INFORMATION PROVIDED:
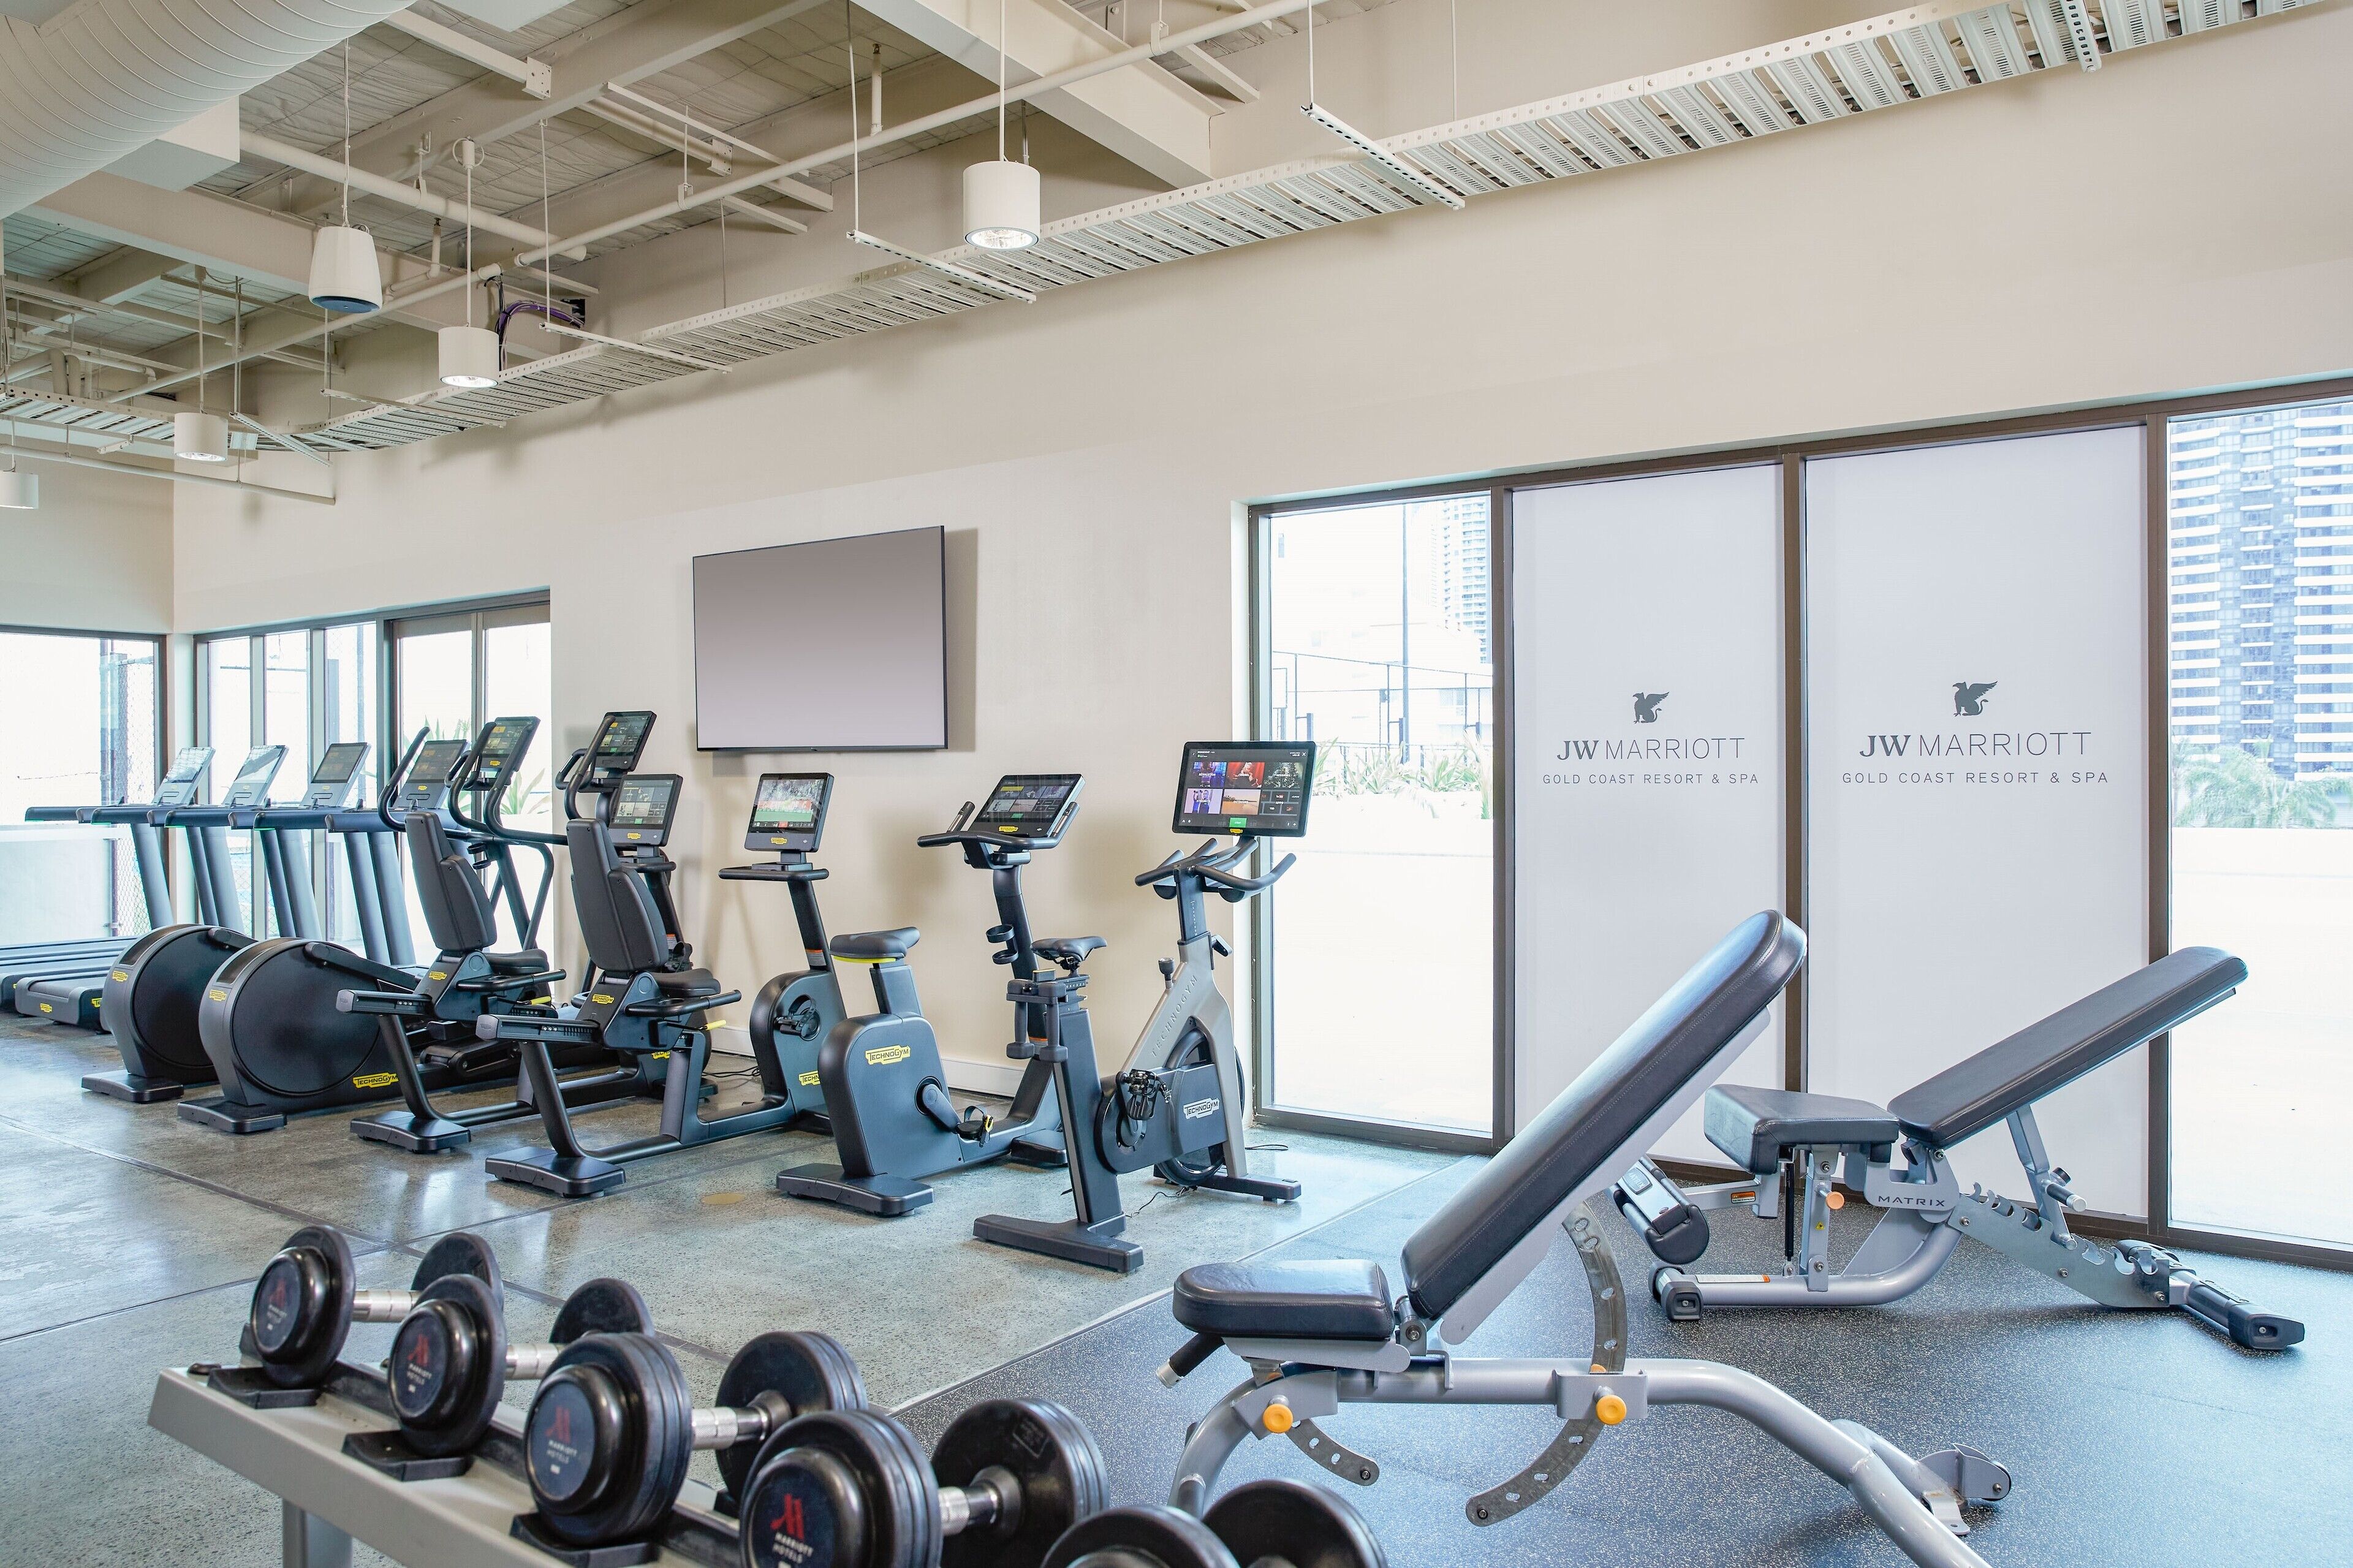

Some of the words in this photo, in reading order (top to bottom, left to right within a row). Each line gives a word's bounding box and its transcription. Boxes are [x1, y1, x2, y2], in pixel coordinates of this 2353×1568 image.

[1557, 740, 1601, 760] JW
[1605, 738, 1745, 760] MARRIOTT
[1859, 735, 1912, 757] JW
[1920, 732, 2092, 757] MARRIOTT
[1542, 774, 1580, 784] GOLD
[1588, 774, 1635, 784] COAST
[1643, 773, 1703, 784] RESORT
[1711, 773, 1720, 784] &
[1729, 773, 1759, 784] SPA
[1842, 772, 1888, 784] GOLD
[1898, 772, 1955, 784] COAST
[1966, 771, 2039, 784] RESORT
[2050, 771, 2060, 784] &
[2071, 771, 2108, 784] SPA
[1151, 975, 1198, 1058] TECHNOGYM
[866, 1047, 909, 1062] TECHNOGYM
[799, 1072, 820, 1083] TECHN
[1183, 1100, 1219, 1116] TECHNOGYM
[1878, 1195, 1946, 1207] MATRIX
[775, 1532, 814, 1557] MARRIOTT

EXERCISE GOAL: Every line of the material above should be repeated exactly, except for the pictures.

ANSWER FOR THIS EXERCISE:
Some of the words in this photo, in reading order (top to bottom, left to right within a row). Each line gives a word's bounding box and its transcription. Boxes are [x1, y1, x2, y2], in pixel coordinates of this 2353×1568 image.

[1557, 740, 1601, 760] JW
[1605, 738, 1745, 760] MARRIOTT
[1859, 735, 1912, 757] JW
[1920, 732, 2092, 757] MARRIOTT
[1542, 774, 1580, 784] GOLD
[1588, 774, 1635, 784] COAST
[1643, 773, 1703, 784] RESORT
[1711, 773, 1720, 784] &
[1729, 773, 1759, 784] SPA
[1842, 772, 1888, 784] GOLD
[1898, 772, 1955, 784] COAST
[1966, 771, 2039, 784] RESORT
[2050, 771, 2060, 784] &
[2071, 771, 2108, 784] SPA
[1151, 975, 1198, 1058] TECHNOGYM
[866, 1047, 909, 1062] TECHNOGYM
[799, 1072, 820, 1083] TECHN
[1183, 1100, 1219, 1116] TECHNOGYM
[1878, 1195, 1946, 1207] MATRIX
[775, 1532, 814, 1557] MARRIOTT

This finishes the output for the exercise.